There was a significant decline over time (negative parameter estimate) in the magnitude of the IFN-γ response, for both measures (PPD-B minus negative control, and B–A), at capture events subsequent to the IFN-γ disclosing event (Table2). In addition, the magnitude of the IFN-γ response at each capture event, subsequent to the disclosing event, for both measures (PPD-B minus negative control, and B–A) differed significantly among levels of infection status in our models, with culture-positive badgers exhibiting the greater responses (Table2), illustrating that the ordering of response magnitude identified by the IFN-γ disclosing event analysis was maintained as infection progressed. In models of both response variables, the interaction term between time elapsed and infection status was non-significant and was therefore excluded from the final model.

Table 2.

Results from a generalized linear mixed model to analyse the variation in the magnitude of the IFN-γ response, (recorded as both PPD-B minus negative control and PPD-B minus PPD-A), subsequent to the IFN-γ disclosing event, in relation to the following explanatory variables: infection status at the capture event, time from the IFN-γ incident event, age, sex and source population, for 184 test events of 56 badgers captured in Gloucestershire between 2006 and 2012

Response variable Explanatory variables Level Estimate1 (SE) F statistic2 P value
PPD-B minus negative control Infection status (reference level IFN-γ positive) Stat-Pak positive 0·38 (0·26) F2,132·0 = 8·70 < 0·001
Culture positive 1·07 (0·26)
Time from the IFN-γ incident event (log transformed) N/A −0·15 (0·06) F1,176·8 = 6·57 0·011
Age (reference level adult) Cub −0·47 (0·26) F1,173·5 = 3·21 0·075
Sex (reference level female) Male 0·39 (0·15) F1,45·0 = 6·76 0·013
Source population (reference level BVS) WP −0·10 (0·22) F1,81·8 = 0·21 0·650
PPD-B minus PPD-A (B–A) Infection status (reference level IFN-γ positive) Stat-Pak positive 0·37 (0·34) F2,118·1 = 5·09 0·008
Culture positive 1·08 (0·34)
Time from the IFN-γ incident event (log transformed) N/A 0·20 (0·08) F1,175·1 = 6·38 0·012
Age (reference level adult) Cub −0·32 (0·36) F1,176·9 = 0·78 0·379
Sex (reference level female) Male −0·29 (0·17) F1,42·8 = 2·92 0·095
Source population (reference level BVS) WP −0·03 (0·28) F1,105·8 = 0·01 0·914
Open in a new tab
1

Estimate from the model of the difference in the mean value relative to the reference level with its associated standard error (SE).

2

The test statistic from the model output with associated degrees of freedom.

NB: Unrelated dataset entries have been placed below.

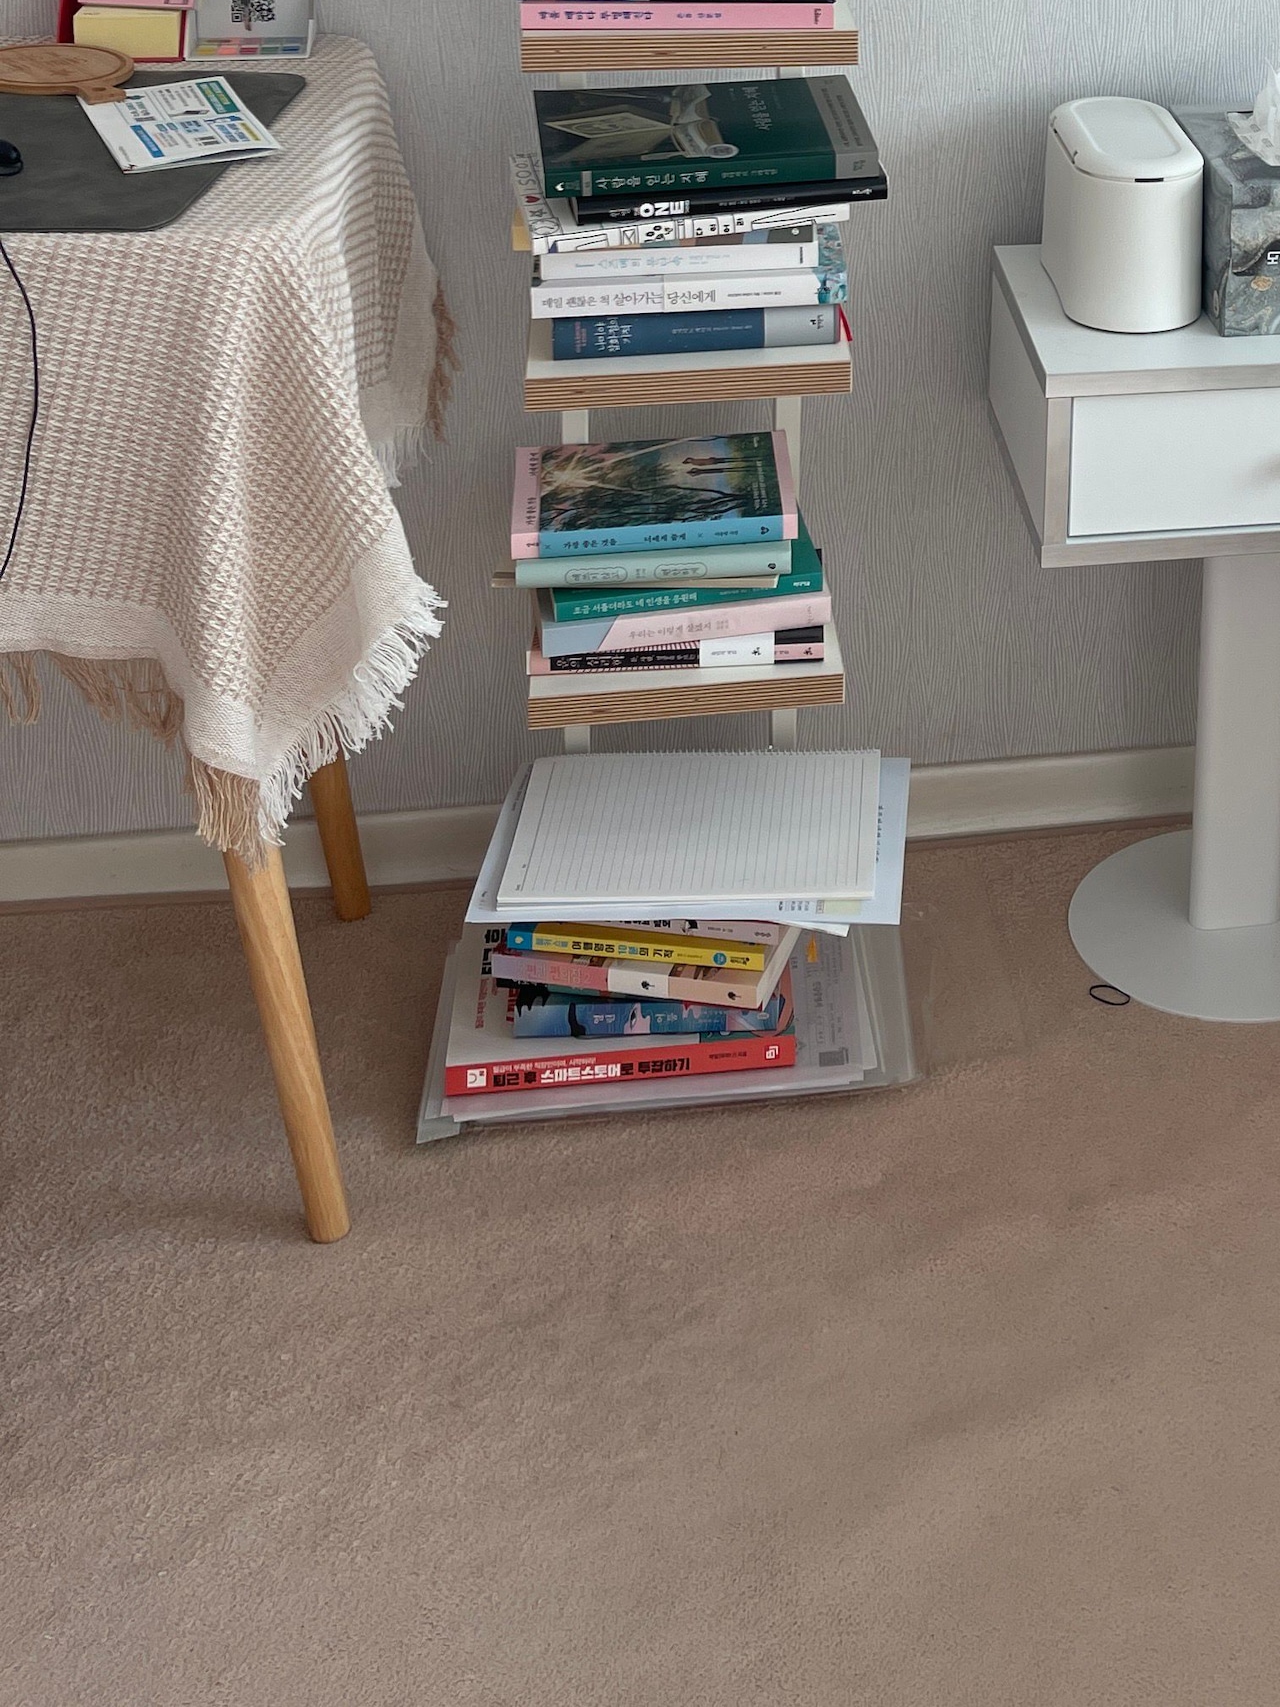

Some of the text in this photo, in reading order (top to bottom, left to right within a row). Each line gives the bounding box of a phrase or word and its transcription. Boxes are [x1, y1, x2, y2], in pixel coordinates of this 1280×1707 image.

[597, 175, 641, 190] 사람을
[645, 172, 676, 187] 얻는
[680, 170, 710, 184] 지혜
[640, 200, 685, 218] ONE
[566, 296, 598, 308] 괜찮은
[613, 292, 663, 306] 살아가는
[667, 289, 717, 305] 당신에게
[572, 604, 591, 615] 조금
[635, 599, 645, 609] 네
[646, 596, 671, 608] 인생을
[672, 593, 698, 605] 응원해
[628, 630, 656, 640] 우리는
[657, 626, 684, 637] 이렇게
[493, 1057, 690, 1087] 퇴근 후 스마트스토어로 투잡하기

Note: Significant effects are shown in bold, P < 0·05.

Abbreviations: BVS, Badger Vaccine Study; IFN-γ interferon-γ; PPD-A, purified protein derivative from Mycobacterium avium; PPD-B, purified protein derivative from Mycobacterium bovis.

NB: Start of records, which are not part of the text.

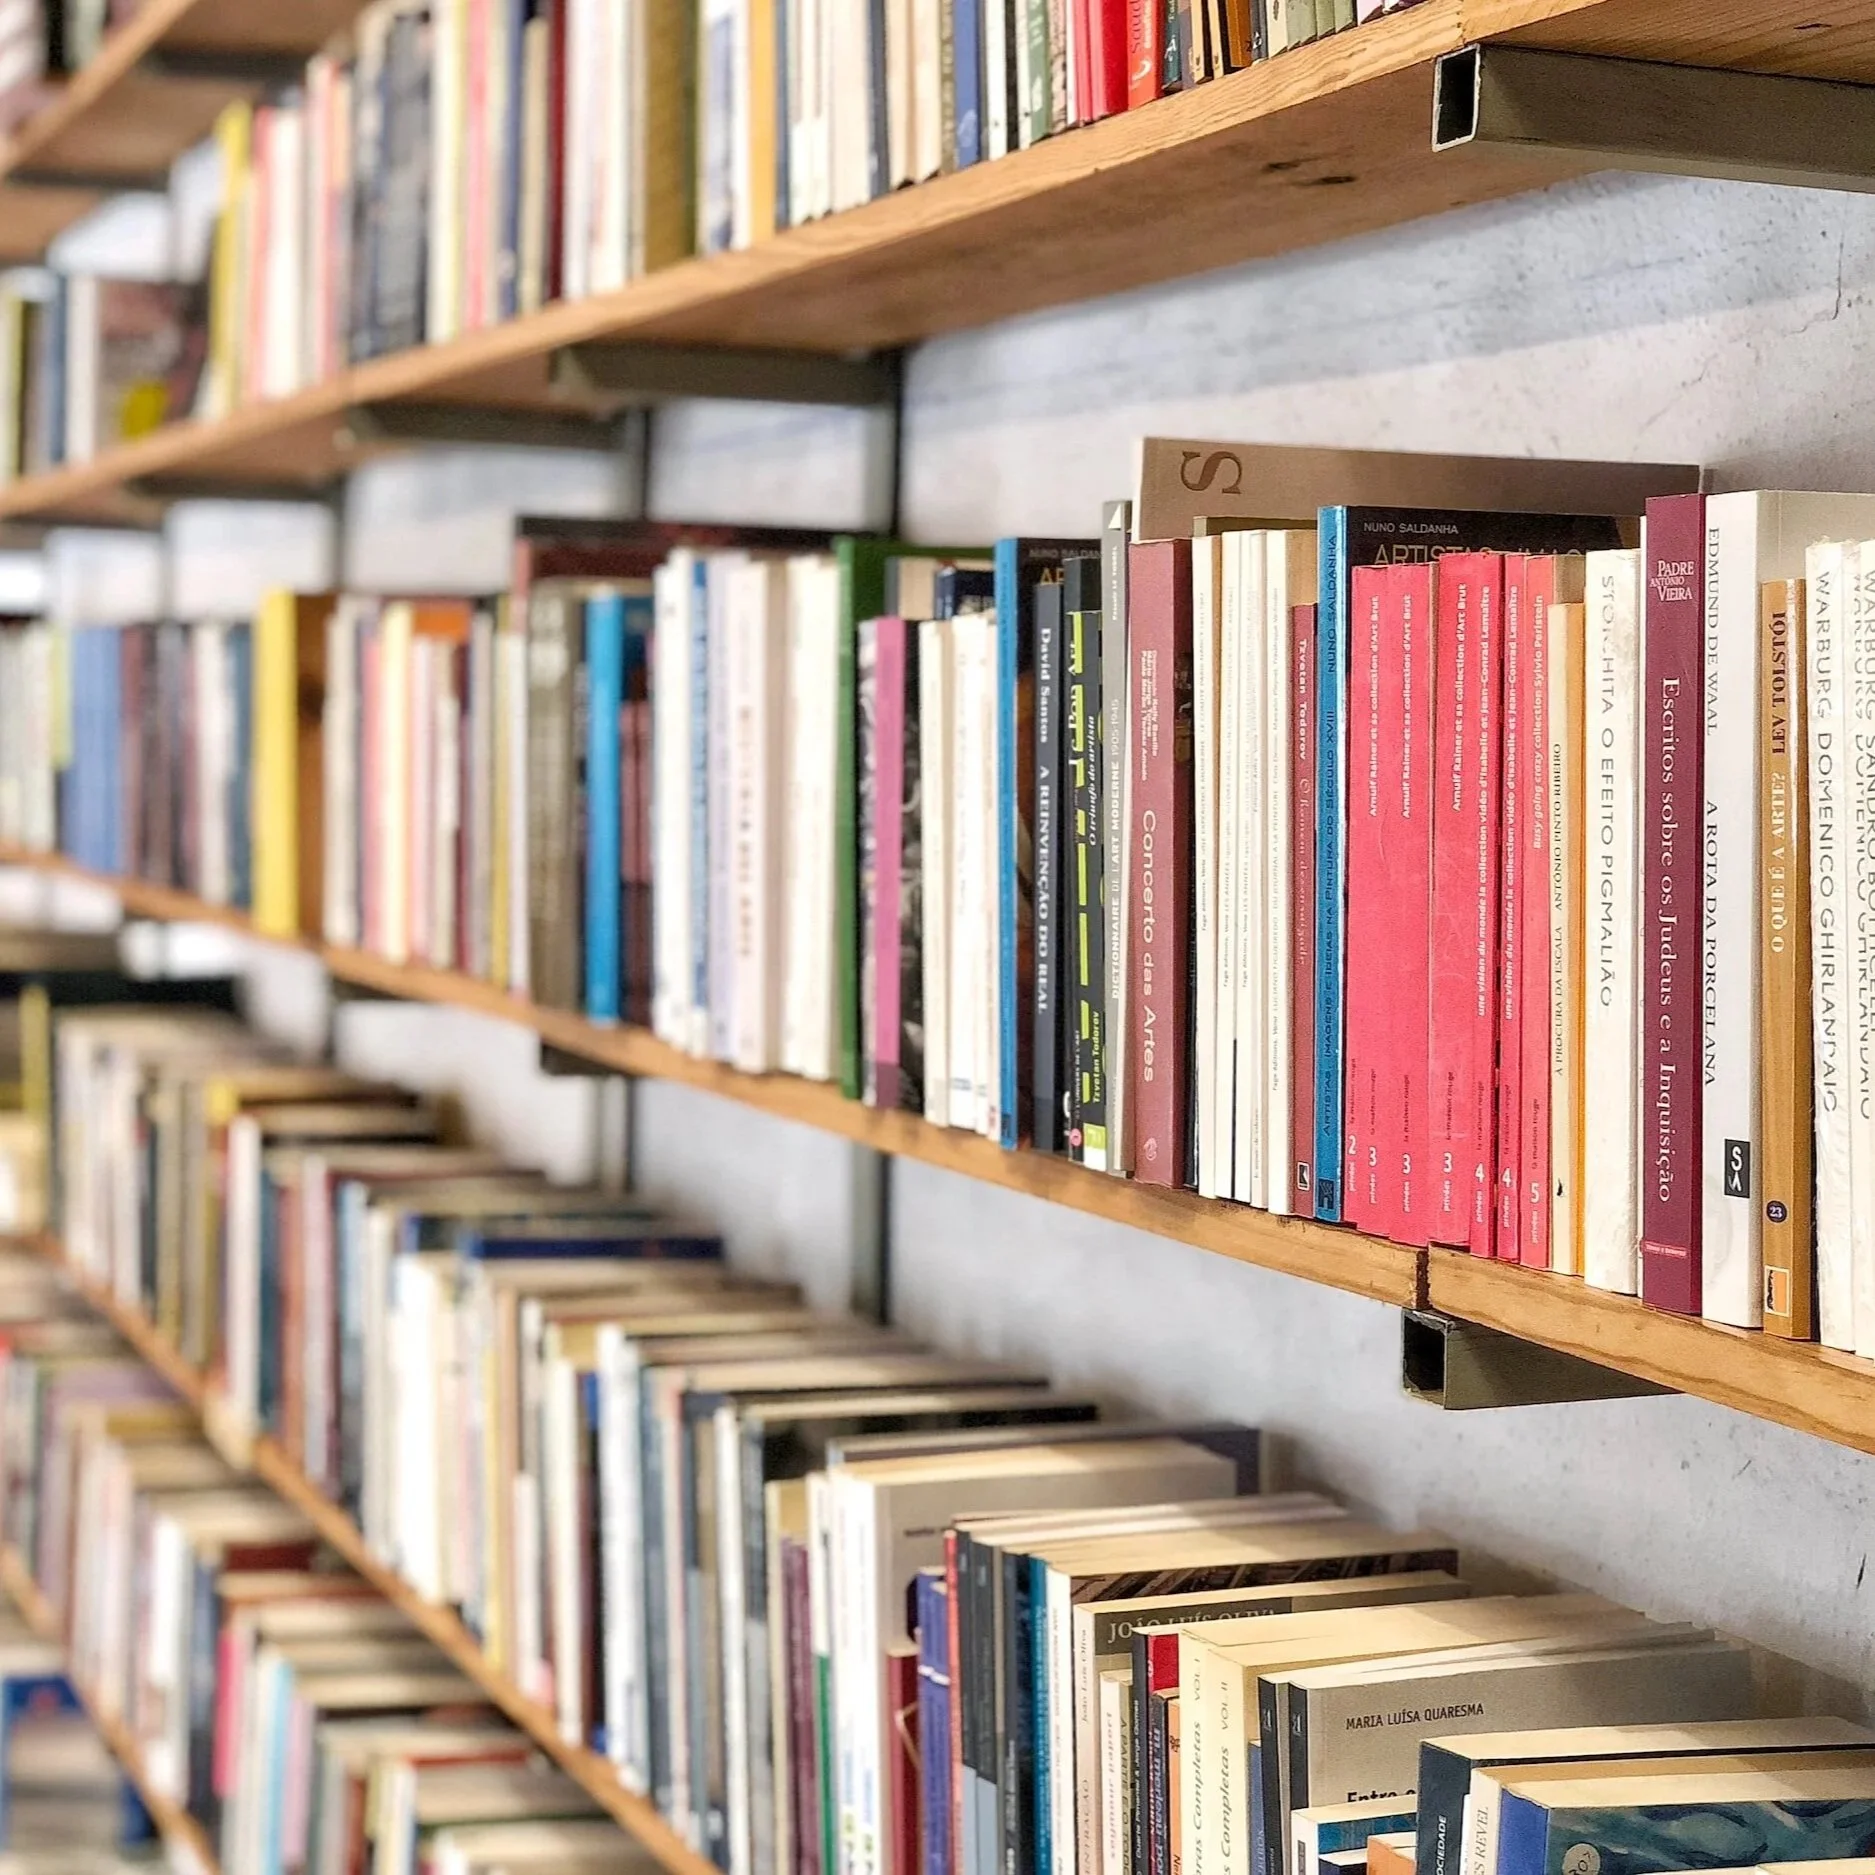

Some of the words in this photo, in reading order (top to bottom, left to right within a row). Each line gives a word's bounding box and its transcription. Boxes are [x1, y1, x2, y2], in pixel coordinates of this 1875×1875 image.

[1364, 523, 1395, 534] NUNO
[1399, 523, 1459, 535] SALDANHA
[1327, 535, 1337, 622] SALDANHA
[1650, 576, 1684, 587] ANTÓNIO
[1657, 560, 1694, 576] PADRE
[1708, 528, 1720, 628] EDMUND
[1370, 596, 1378, 622] Brut
[1403, 594, 1411, 620] Brut
[1458, 584, 1466, 609] Brut
[1657, 585, 1693, 601] VIEIRA
[1457, 612, 1466, 641] d'Art
[1480, 586, 1490, 638] Lemaître
[1507, 586, 1518, 638] Lemaître
[1534, 595, 1544, 648] Perlstein
[1041, 629, 1051, 680] David
[1327, 630, 1336, 673] NUNO
[1370, 622, 1378, 652] d'Art
[1403, 622, 1411, 651] d'Art
[1707, 636, 1719, 664] DE
[1816, 572, 1832, 718] WARBURG
[1456, 644, 1466, 701] collection
[1480, 641, 1490, 714] Jean-Conrad
[1508, 641, 1517, 714] Jean-Conrad
[1534, 650, 1544, 686] Sylvio
[1768, 612, 1786, 708] TOLSTÓI
[1370, 655, 1378, 710] collection
[1403, 654, 1411, 710] collection
[1041, 687, 1051, 743] Santos
[1533, 688, 1543, 748] collection
[1706, 672, 1718, 736] WAAL
[1087, 716, 1095, 758] artista
[1111, 699, 1119, 755] 1905-1945
[1300, 701, 1308, 760] Todorov
[1326, 710, 1334, 743] XVIII
[1370, 728, 1378, 740] et
[1403, 728, 1411, 740] et
[1602, 728, 1614, 748] O
[1662, 678, 1680, 783] Escritos
[1770, 714, 1786, 754] LEV
[1370, 742, 1378, 778] Rainer
[1403, 742, 1411, 779] Rainer
[1454, 734, 1463, 770] Rainer
[1479, 732, 1488, 788] d'Isabelle
[1506, 732, 1516, 788] d'Isabelle
[1534, 752, 1544, 783] crazy
[1553, 743, 1561, 796] RIBEIRO
[1040, 766, 1049, 780] A
[1088, 765, 1096, 780] do
[1324, 750, 1334, 808] SÉCULO
[1088, 784, 1097, 830] triunfo
[1111, 762, 1119, 830] MODERNE
[1370, 781, 1378, 816] Arnulf
[1403, 782, 1411, 818] Arnulf
[1452, 774, 1462, 811] Arnulf
[1479, 790, 1488, 823] vidéo
[1506, 792, 1515, 824] vidéo
[1534, 786, 1544, 818] going
[1602, 758, 1614, 844] EFEITO
[1706, 800, 1718, 815] A
[1771, 772, 1784, 840] ARTE?
[1326, 815, 1333, 834] DO
[1553, 801, 1562, 842] PINTO
[1661, 792, 1679, 866] sobre
[1818, 733, 1834, 898] DOMENICO
[1037, 786, 1050, 920] REINVENÇÃO
[1089, 833, 1096, 846] O
[1111, 835, 1119, 872] L'ART
[1533, 822, 1543, 848] Busy
[1771, 846, 1784, 860] A
[1324, 842, 1333, 900] PINTURA
[1478, 826, 1488, 883] collection
[1505, 826, 1515, 885] collection
[1706, 824, 1717, 888] ROTA
[1768, 866, 1784, 880] É
[1112, 880, 1120, 892] DE
[1144, 810, 1156, 943] Concerto
[1552, 847, 1562, 910] ANTÓNIO
[1661, 876, 1674, 905] os
[1324, 907, 1333, 924] NA
[1478, 898, 1487, 938] monde
[1505, 902, 1514, 941] monde
[1706, 896, 1716, 930] DA
[1770, 886, 1787, 930] QUE
[1038, 925, 1048, 958] DO
[1112, 898, 1120, 998] DICTIONNAIRE
[1478, 940, 1487, 956] du
[1554, 926, 1562, 974] ESCALA
[1600, 856, 1615, 1007] PIGMALIÃO
[1770, 936, 1784, 953] O
[1324, 930, 1333, 974] IDEIAS
[1504, 943, 1514, 958] du
[1659, 910, 1678, 1006] Judeus
[1038, 964, 1048, 1015] REAL
[1144, 952, 1156, 996] das
[1478, 958, 1487, 992] vision
[1504, 961, 1513, 996] vision
[1554, 978, 1562, 996] DA
[1478, 994, 1486, 1016] une
[1505, 998, 1513, 1020] une
[1660, 1014, 1672, 1030] e
[1705, 938, 1716, 1086] PORCELANA
[1092, 1012, 1100, 1056] Todorov
[1144, 1005, 1156, 1082] Artes
[1323, 997, 1332, 1058] IMAGENS
[1554, 1001, 1562, 1064] PROCURA
[1660, 1038, 1672, 1053] a
[1092, 1058, 1100, 1103] Tzvetan
[1348, 1136, 1356, 1154] 2
[1656, 1062, 1676, 1202] Inquisição
[1368, 1146, 1376, 1167] 3
[1402, 1154, 1412, 1175] 3
[1442, 1152, 1452, 1174] 3
[1475, 1163, 1484, 1182] 4
[1502, 1168, 1512, 1188] 4
[1531, 1182, 1539, 1204] 5
[1770, 1206, 1783, 1218] 23
[1221, 1682, 1228, 1690] II
[1346, 1714, 1383, 1730] MARIA
[1387, 1709, 1420, 1725] LUÍSA
[1424, 1703, 1483, 1722] QUARESMA
[1121, 1734, 1129, 1791] PARTE
[1134, 1737, 1142, 1767] Jorge
[1193, 1721, 1204, 1830] Completas
[1121, 1796, 1129, 1804] E
[1121, 1811, 1129, 1824] O
[1220, 1746, 1232, 1858] Completas
[1473, 1806, 1489, 1858] REVEL

The magnitude of the IFN-γ response at each capture event was lower in males than females, but this was only significant in the PPD-B minus negative control model. Neither badger age nor the source population significantly affected the IFN-γ response at each capture.

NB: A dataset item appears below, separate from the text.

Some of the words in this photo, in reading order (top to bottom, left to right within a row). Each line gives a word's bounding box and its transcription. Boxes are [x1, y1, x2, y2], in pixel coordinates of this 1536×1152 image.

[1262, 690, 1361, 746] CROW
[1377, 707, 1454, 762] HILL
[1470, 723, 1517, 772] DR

There were no significant associations between the likelihood of a higher outcome infection status and either the number of test events subsequent to the IFN-γ disclosing event, or the time from IFN-γ disclosure to last capture (> 0·05). Hence, there was no evidence for a significant bias in determination of outcome infection status related to the number of tests or the time period.

Discussion

Our longitudinal study provides evidence of temporal variation and progression of cell-mediated immune responses to natural infection in a wildlife population. Our analyses have shown that the magnitude of the early cell-mediated response is significantly related to the likelihood of disease progression. We have quantified these effects using our model, such that the magnitude of the IFN-γ response to PPD-B at its first detection, in badgers that were subsequently culture positive, was more than 2·5 times greater than that of badgers with no evidence of subsequent progression, and 1·5 times greater than that of badgers which subsequently became seropositive but not culture positive (see Fig.1). In addition, the IFN-γ response at the disclosing event of subsequently seropositive badgers was nearly double that of badgers in which there was no evidence of any subsequent progression (see Fig.1).

Subsequent to the disclosing event, IFN-γ responses in badgers with evidence of progression were also higher than those of badgers in which there was no evidence of progression, despite a general decline over time in the magnitude of the IFN-γ response in all badgers.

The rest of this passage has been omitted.